O Austin Healey 100 Six

A BMC enxergava o Austin Healey como parte integrante de sua linha, portanto, quando a estratégia de motor da empresa mudou, ficou claro que o grande carro esportivo também mudaria. Por isso, não foi surpresa que o 100/4 se tornasse o Austin Healey 100 Six em 1956. O velho A90 quatro cilindros foi considerado obsoleto. Em seu lugar estava um seis cilindros quase do mesmo tamanho. Mas havia muito mais no novo modelo do que apenas dois cilindros extras e torque de rpm mais baixas, pois a família Healey, sob o comando da BMC, aproveitou a oportunidade para renovar o carro de ponta a ponta.

O Austin-Healey 100 Six, motor de seis cilindros, carros esportivos da BMC
Um chassis 5 cm mais largo deu espaço para um minúsculo
banco no Austin Healey 100 Six

As informações obtidas do mercado norte-americano sugeriam que os compradores queriam mais espaço de cabine do que havia no 100/4, então a reformulação incluiu a ampliação de 5 cm nos chassis e o reposicionamento de alguns componentes da traseira para dar espaço para “ + 2” assentos traseiros.

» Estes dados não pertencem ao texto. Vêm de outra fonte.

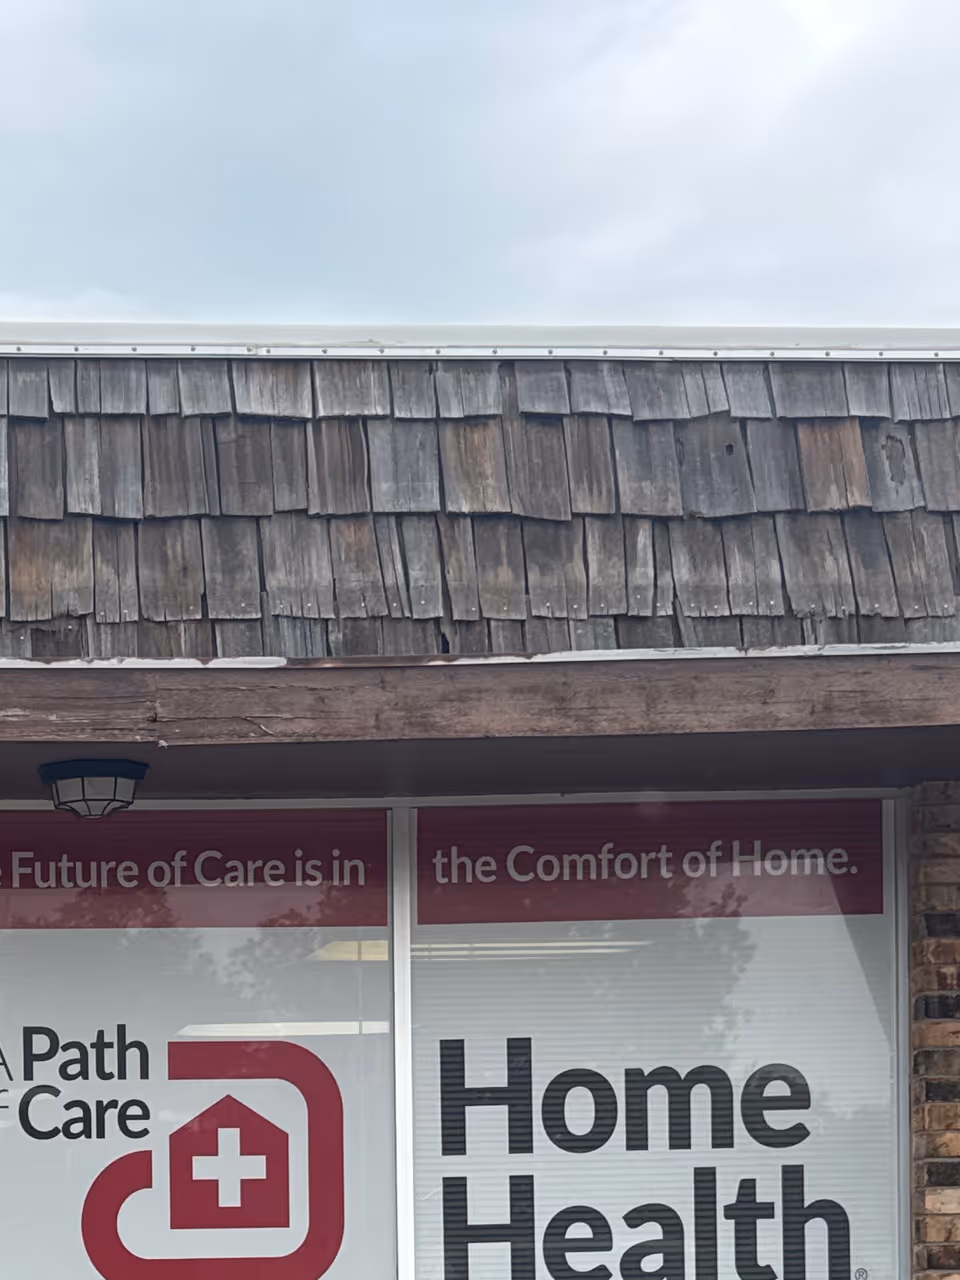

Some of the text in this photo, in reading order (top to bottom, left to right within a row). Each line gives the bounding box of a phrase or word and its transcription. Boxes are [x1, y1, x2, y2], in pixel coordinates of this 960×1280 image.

[11, 850, 139, 888] Future
[146, 849, 187, 887] of
[193, 849, 286, 887] Care
[293, 848, 323, 886] is
[332, 848, 366, 886] in
[432, 839, 858, 884] the Comfort of Home.
[22, 1023, 150, 1082] Path
[18, 1084, 151, 1141] Care
[439, 1037, 812, 1156] Home

Provavelmente eles não serviam para nada além de depósito de objetos, mas pelo menos atenderam aos pedidos das equipes de vendas. O design do Austin Healey 100 Six era quase o mesmo, exceto pela nova grade oval, pára-brisas fixos, opção de rodas raiadas ou com disco de aço e um capô levantado com uma pequena entrada de ar frontal.

A grande diferença, é claro, era o novo motor de seis cilindros. Esse era o maior carro da série C produzido pela BMC, que tinha algumas semelhanças de design, porém poucos componentes em comum, com o quatro cilindros da série B utilizado no carro esportivo MGA. Com o trabalho de uma grande e pesada caixa de ferro de 2,64 litros com comando de válvula no cabeçote, ele era, de acordo com os números alegados, mais potente que o velho quatro cilindros de bloco grande (102 contra 90 cavalos de potência). Uma caixa de câmbio de 4 velocidades era padrão, assim como no renegado BN2, mas no Austin Healey 100 Six, chamado BN4, a sobremarcha era um opcional extra.

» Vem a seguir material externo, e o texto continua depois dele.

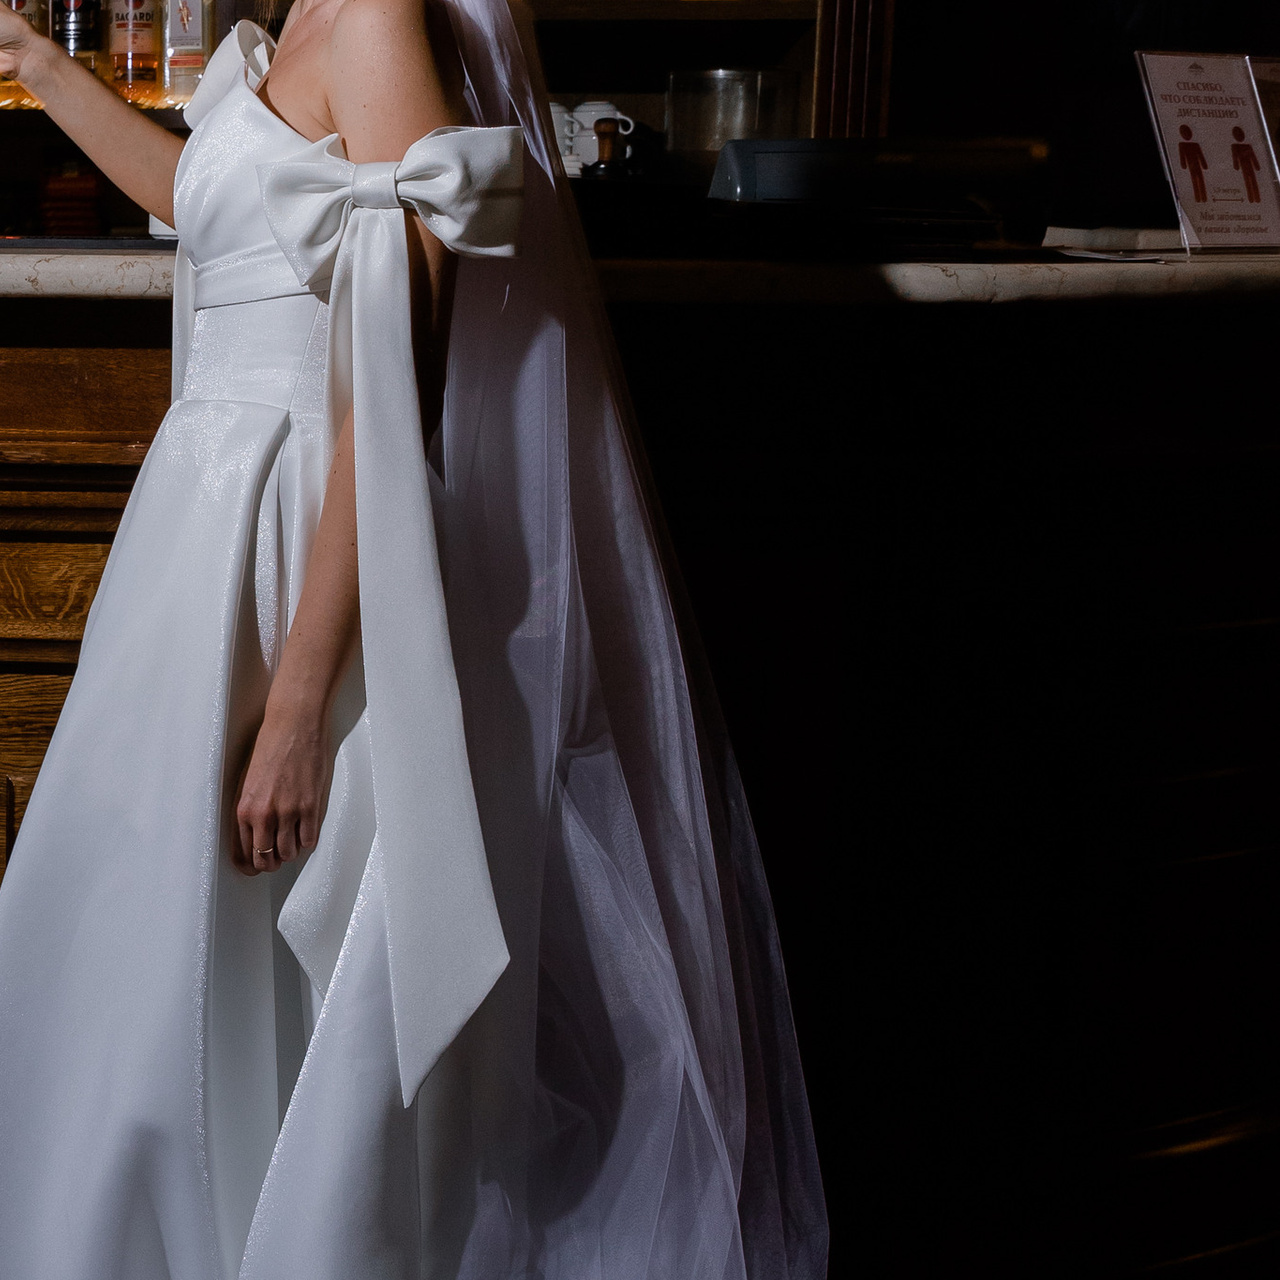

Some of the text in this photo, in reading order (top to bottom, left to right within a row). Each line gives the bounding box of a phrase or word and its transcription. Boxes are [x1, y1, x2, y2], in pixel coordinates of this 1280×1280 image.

[1160, 94, 1247, 106] ЧТО СОБЛЮДАЕТЕ
[1176, 108, 1239, 119] ДИСТАНЦИЮ

Mas infelizmente, o Austin Healey 100 Six foi uma decepção em seu primeiro ano de produção. Consideravelmente mais pesado que o 100/4 (1104 kg contra 975 kg), ele não apenas parecia, mas era menos dinâmico. Ele também não parecia ser tão fácil de dirigir e, de certa forma, não se saiu tão bem como carro esportivo quanto seus antecessores.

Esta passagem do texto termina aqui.